Seoul authorities said they had also received 355 reports of missing people by early Sunday.
- 'Unprecedentedly large' -
Officials said Sunday they had no clear idea of what caused the crush, while eyewitnesses described scenes of chaos as a vast crowd panicked in a narrow alleyway.
Local shopkeepers told AFP that the number of people at the annual celebration was "unprecedentedly large" this year -- the first event to be held without Covid-19 restrictions since the pandemic began.
"There were so many people just being pushed around and I got caught in the crowd and I couldn't get out at first too," 30-year-old Jeon Ga-eul told AFP.
As questions began to emerge over the lack of security at the event, Interior Minister Lee Sang-min told a briefing that the police force had been occupied on the other side of town.
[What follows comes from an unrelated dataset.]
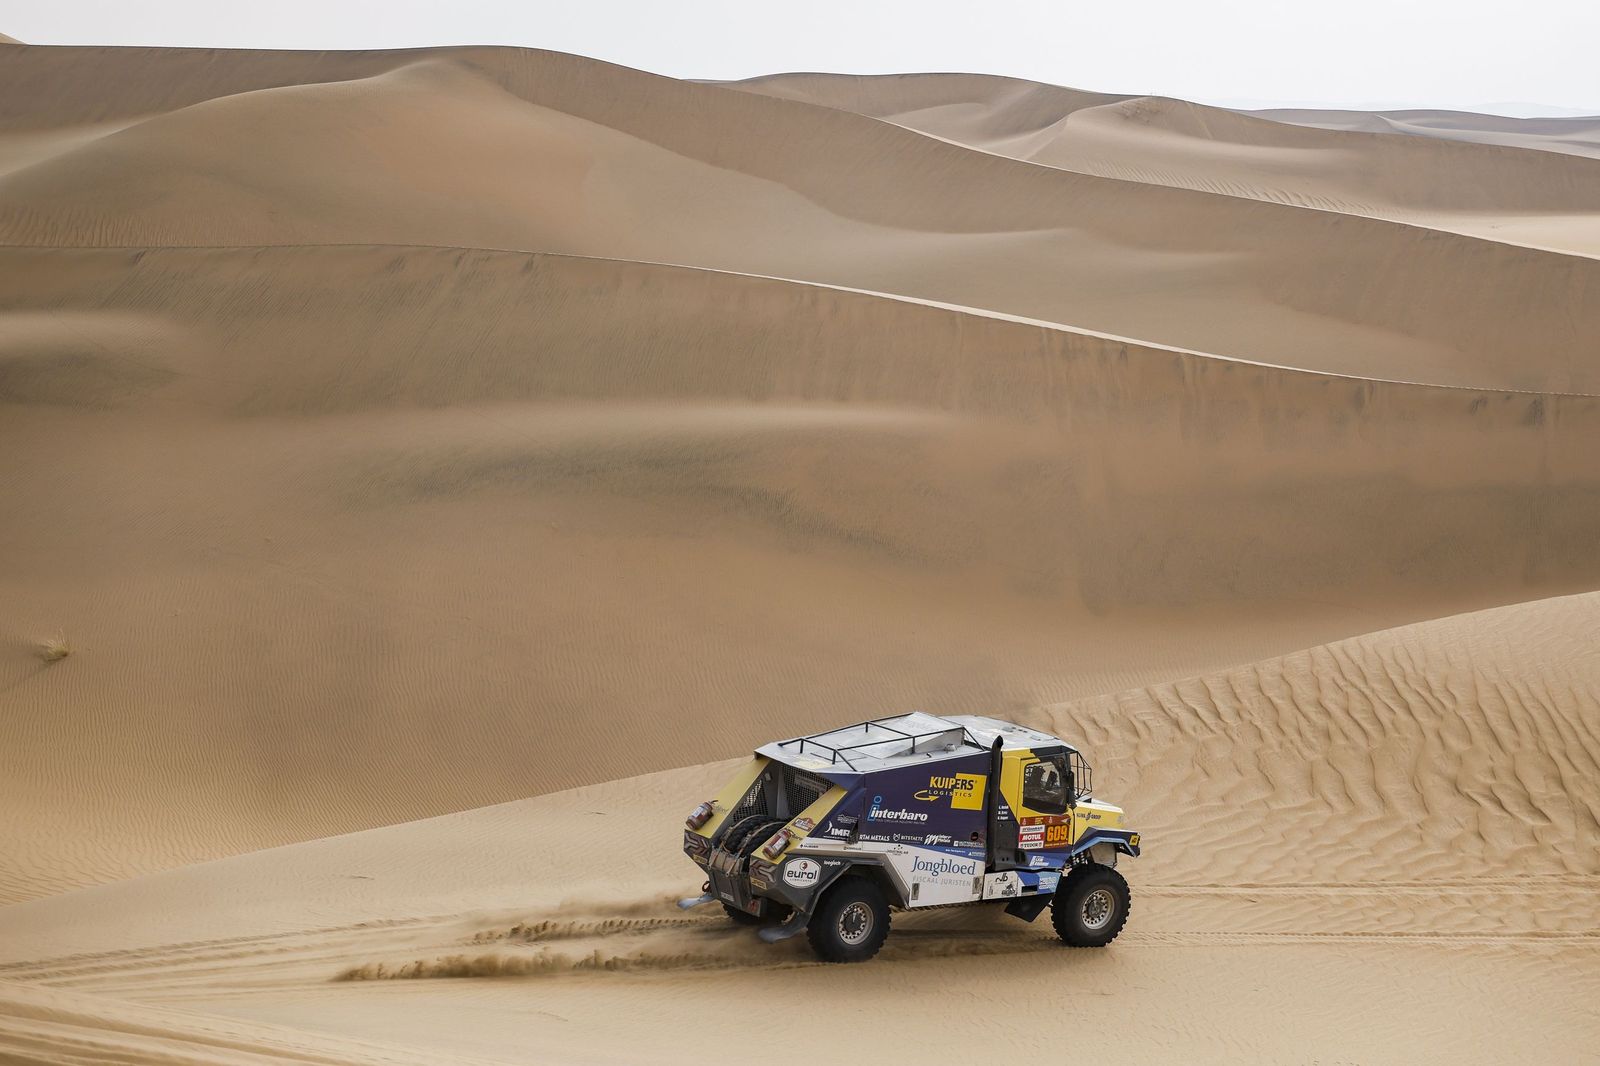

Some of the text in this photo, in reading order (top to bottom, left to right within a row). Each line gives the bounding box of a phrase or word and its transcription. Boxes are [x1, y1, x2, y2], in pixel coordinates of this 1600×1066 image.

"I am not certain about the exact number of police personnel deployed (to Itaewon) but a considerable number had been deployed at Gwanghwamun where a large crowd was expected for a protest," he said.
Police had also not expected such a large crowd at the Halloween event, he said.
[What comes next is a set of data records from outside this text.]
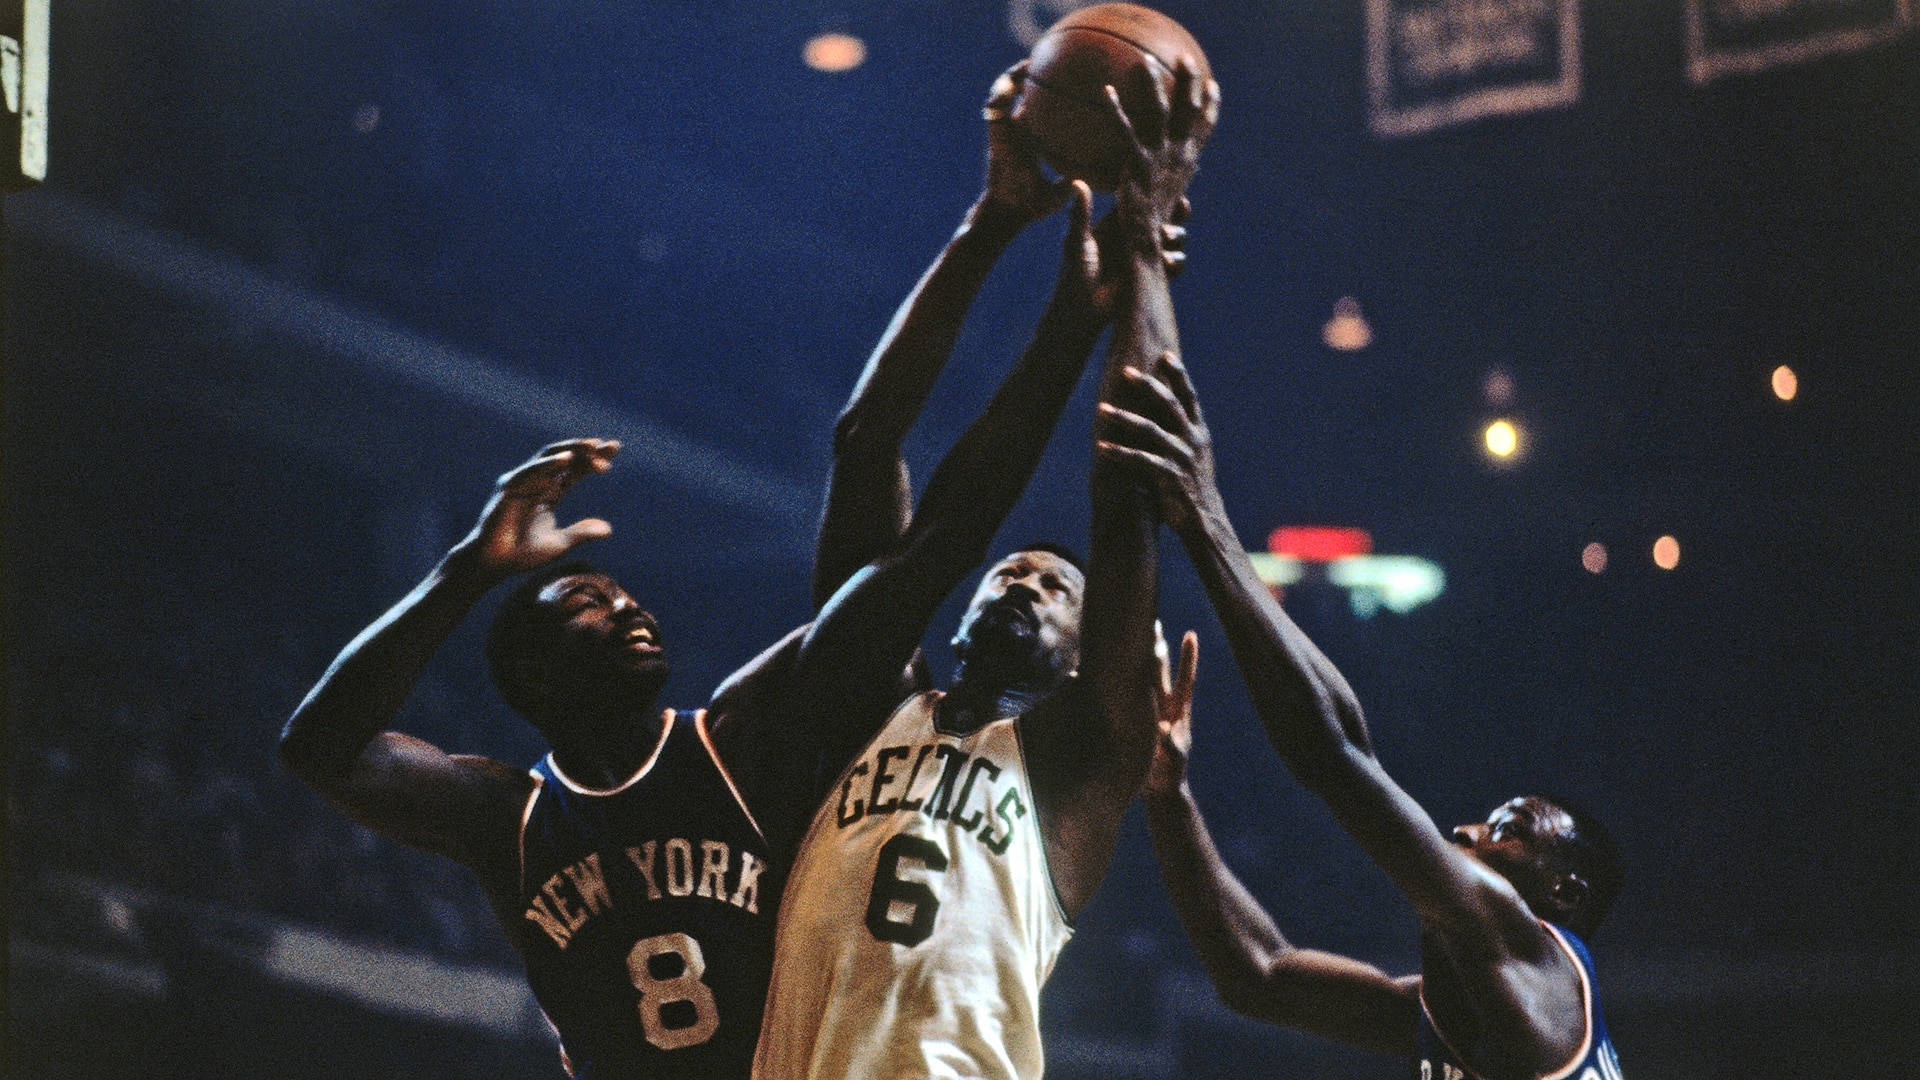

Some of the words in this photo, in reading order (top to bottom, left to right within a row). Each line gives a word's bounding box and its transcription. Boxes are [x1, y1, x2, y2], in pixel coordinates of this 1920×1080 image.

[837, 743, 1027, 856] CELTICS
[524, 852, 613, 950] NEW
[625, 837, 768, 915] YORK
[865, 832, 949, 948] 6
[625, 931, 720, 1050] 8
"The expected size of the crowd in Itaewon did not deviate much from the previous years, so I understand that the personnel were deployed at a similar scale as before."
Paramedics at the scene, quickly overwhelmed by the number of victims, were asking passers-by to administer first aid.
In an interview with local broadcaster YTN, Lee Beom-suk, a doctor who administered first aid to the victims described scenes of tragedy and chaos.
"So many victims' faces were pale. I could not catch their pulse or breath and many of them had a bloody nose. When I tried CPR, I also pumped blood out of their mouths."
AFP photos showed scores of bodies on the pavement covered by bed sheets, and emergency workers dressed in orange vests loading even more bodies on stretchers into ambulances.
- 'Oh my god' -
Twitter user @janelles_story shared a video that she said showed Itaewon shortly before the stampede, in which hundreds of young people, many in elaborate Halloween costumes, are seen in a narrow street lined with bars and cafes.
The crowd appears in good spirits at first, but then a commotion begins and people start being pushed into one another. Screams and gasps are heard and a female voice cries out in English "Shit, shit!" followed by "Oh my god, oh my god!"
The 19 foreigners killed included victims from Iran, Uzbekistan, China and Norway, Yonhap reported. Russia's Tass news agency said two of the victims were Russian.
The Chinese Embassy in Seoul confirmed on its official WeChat account that three Chinese citizens had died in the stampede.
Seoul's staunch ally, US President Joe Biden, said America "stands with" South Korea after the tragedy, while Japan's Prime Minister Fumio Kishida said he was "hugely shocked and deeply saddened" by the disaster.